Task statement → From the line bearing "Some of the words" down to the final line of the records below, give every line again exactly and add nothing.
──────── Supplied information
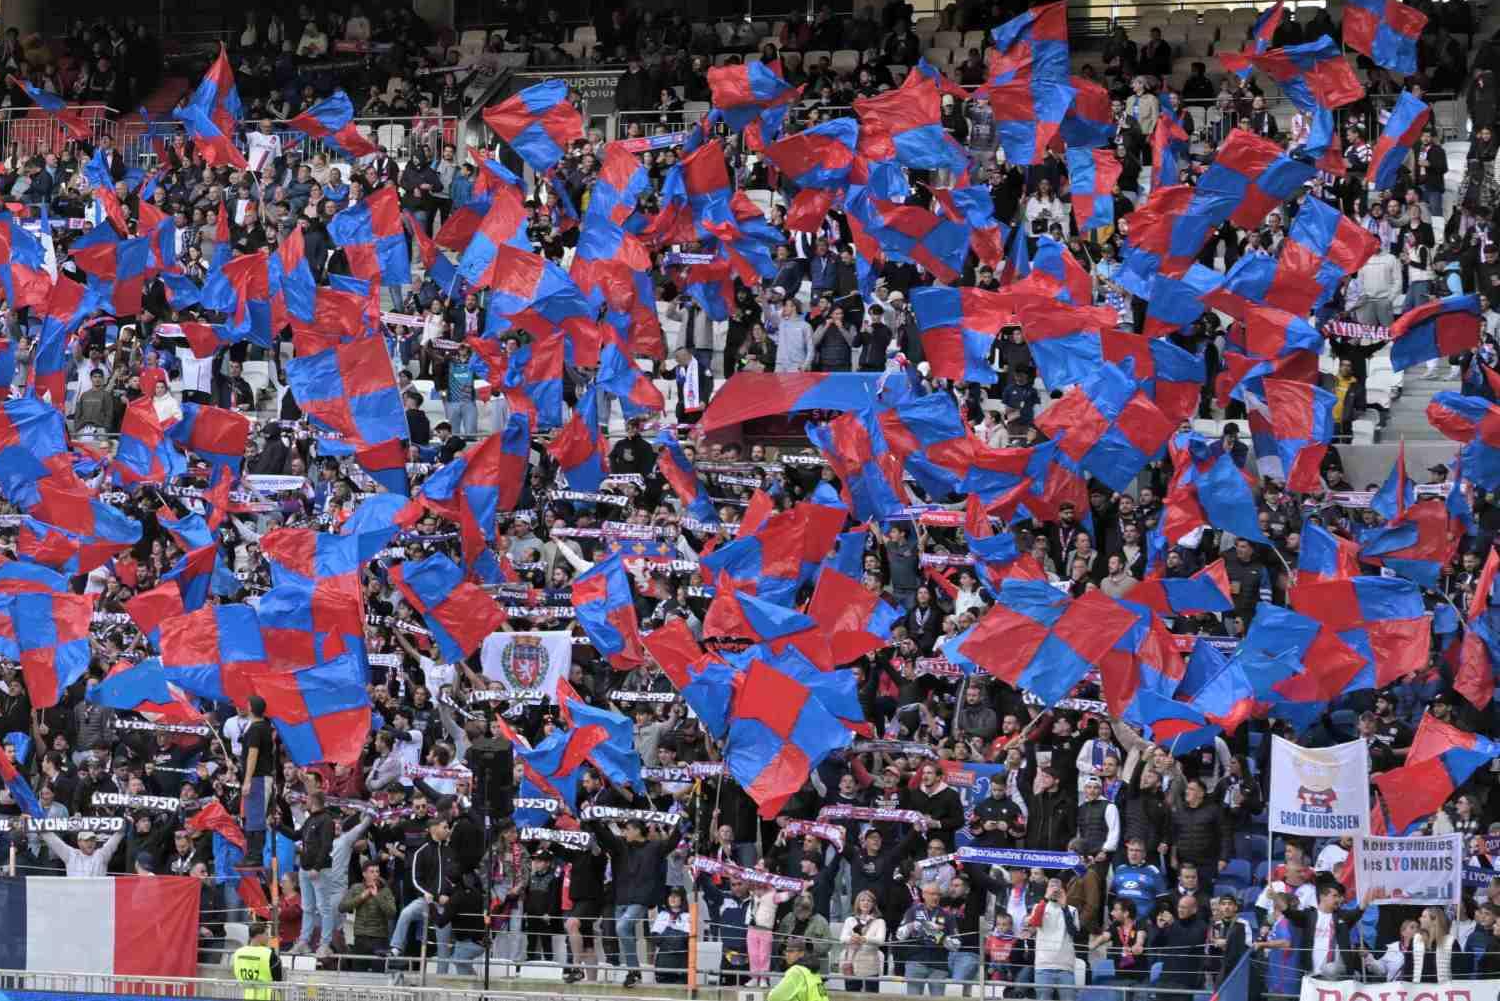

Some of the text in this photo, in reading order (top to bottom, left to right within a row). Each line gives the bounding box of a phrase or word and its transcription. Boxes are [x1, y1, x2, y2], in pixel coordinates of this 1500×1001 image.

[782, 455, 820, 465] LYON
[551, 489, 584, 501] LYON
[115, 718, 210, 736] LYON 1950
[92, 791, 180, 811] LYON 1950
[514, 798, 558, 812] 1950
[28, 816, 123, 831] LYON 1950
[633, 810, 681, 826] 1950
[1280, 811, 1360, 830] CROIX ROUSSIEN
[560, 831, 590, 846] 1950
[1363, 839, 1453, 851] Nous sommes
[1363, 857, 1454, 871] les LYONNAIS
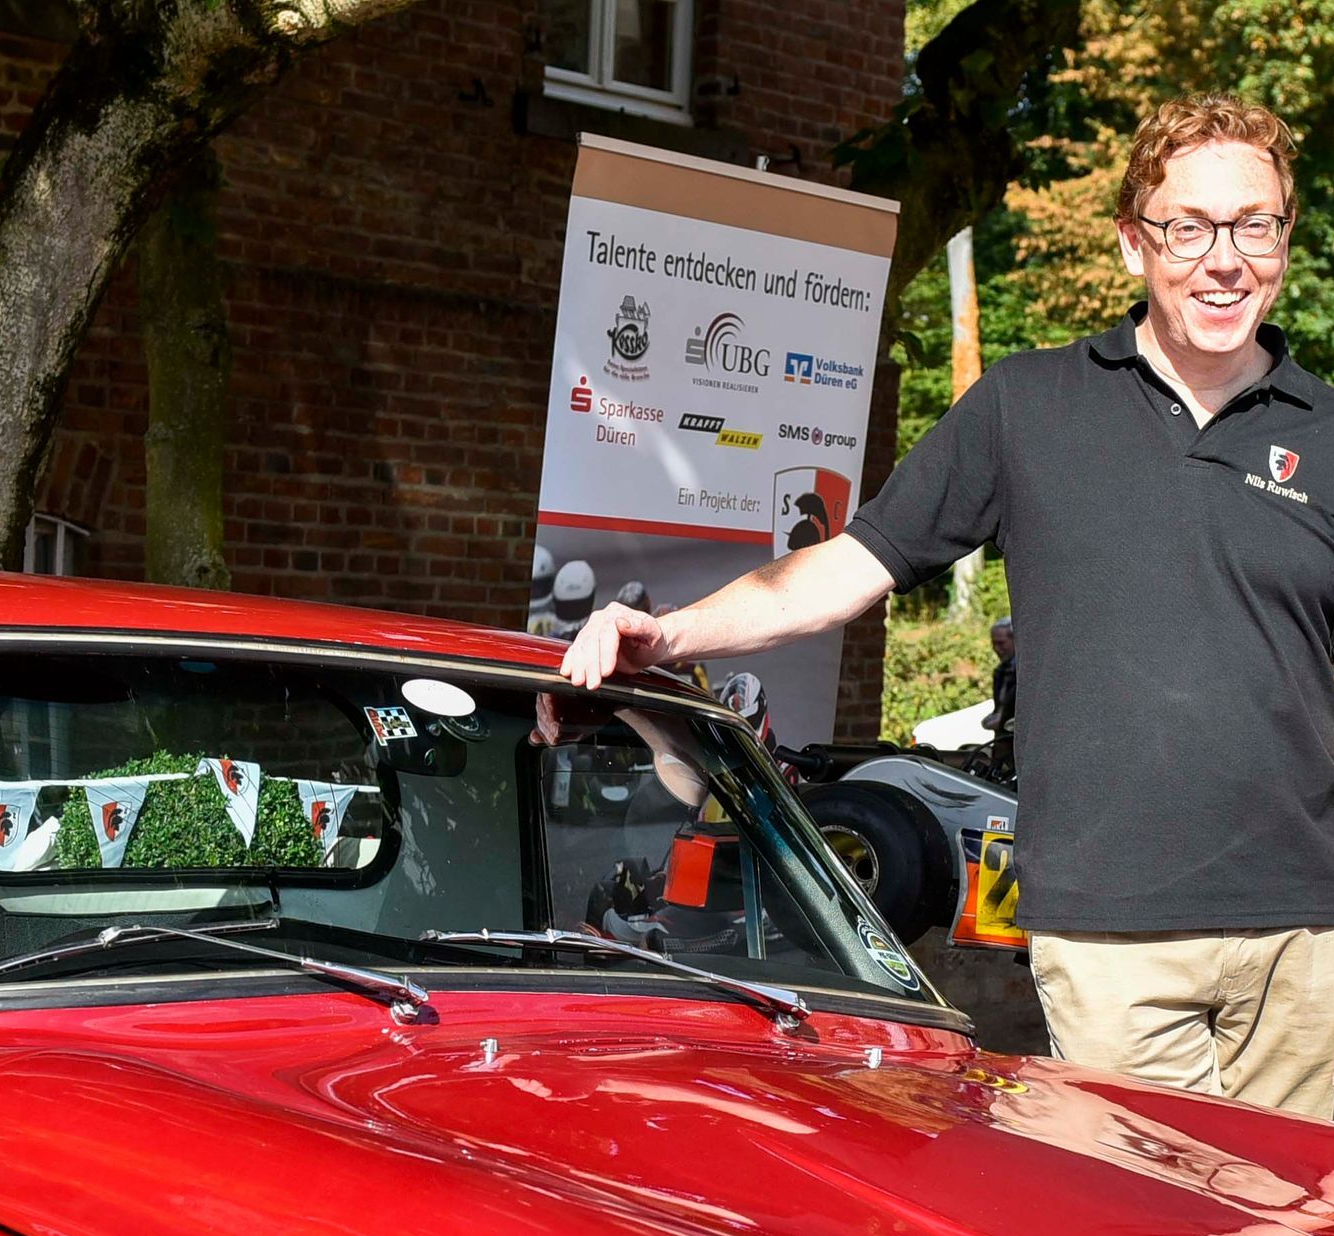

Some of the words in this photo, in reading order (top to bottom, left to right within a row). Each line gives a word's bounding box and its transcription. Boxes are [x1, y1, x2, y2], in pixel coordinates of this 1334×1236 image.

[587, 231, 656, 273] Talente
[664, 252, 756, 292] entdecken
[764, 269, 798, 299] und
[804, 271, 871, 312] fördern:
[721, 343, 770, 377] UBG
[815, 358, 865, 377] Volksbank
[814, 372, 843, 388] Düren
[845, 378, 858, 390] eG
[598, 398, 665, 423] Sparkasse
[596, 424, 636, 446] Düren
[681, 416, 723, 431] KRAFFT
[778, 423, 809, 441] SMS
[824, 432, 857, 448] group
[678, 487, 695, 506] Ein
[699, 489, 737, 513] Projekt
[740, 498, 761, 513] der:
[1266, 480, 1308, 504] Ruwisch
────────────────
The answer →
Some of the words in this photo, in reading order (top to bottom, left to right within a row). Each line gives a word's bounding box and its transcription. Boxes are [x1, y1, x2, y2], in pixel coordinates of this 1334×1236 image.

[587, 231, 656, 273] Talente
[664, 252, 756, 292] entdecken
[764, 269, 798, 299] und
[804, 271, 871, 312] fördern:
[721, 343, 770, 377] UBG
[815, 358, 865, 377] Volksbank
[814, 372, 843, 388] Düren
[845, 378, 858, 390] eG
[598, 398, 665, 423] Sparkasse
[596, 424, 636, 446] Düren
[681, 416, 723, 431] KRAFFT
[778, 423, 809, 441] SMS
[824, 432, 857, 448] group
[678, 487, 695, 506] Ein
[699, 489, 737, 513] Projekt
[740, 498, 761, 513] der:
[1266, 480, 1308, 504] Ruwisch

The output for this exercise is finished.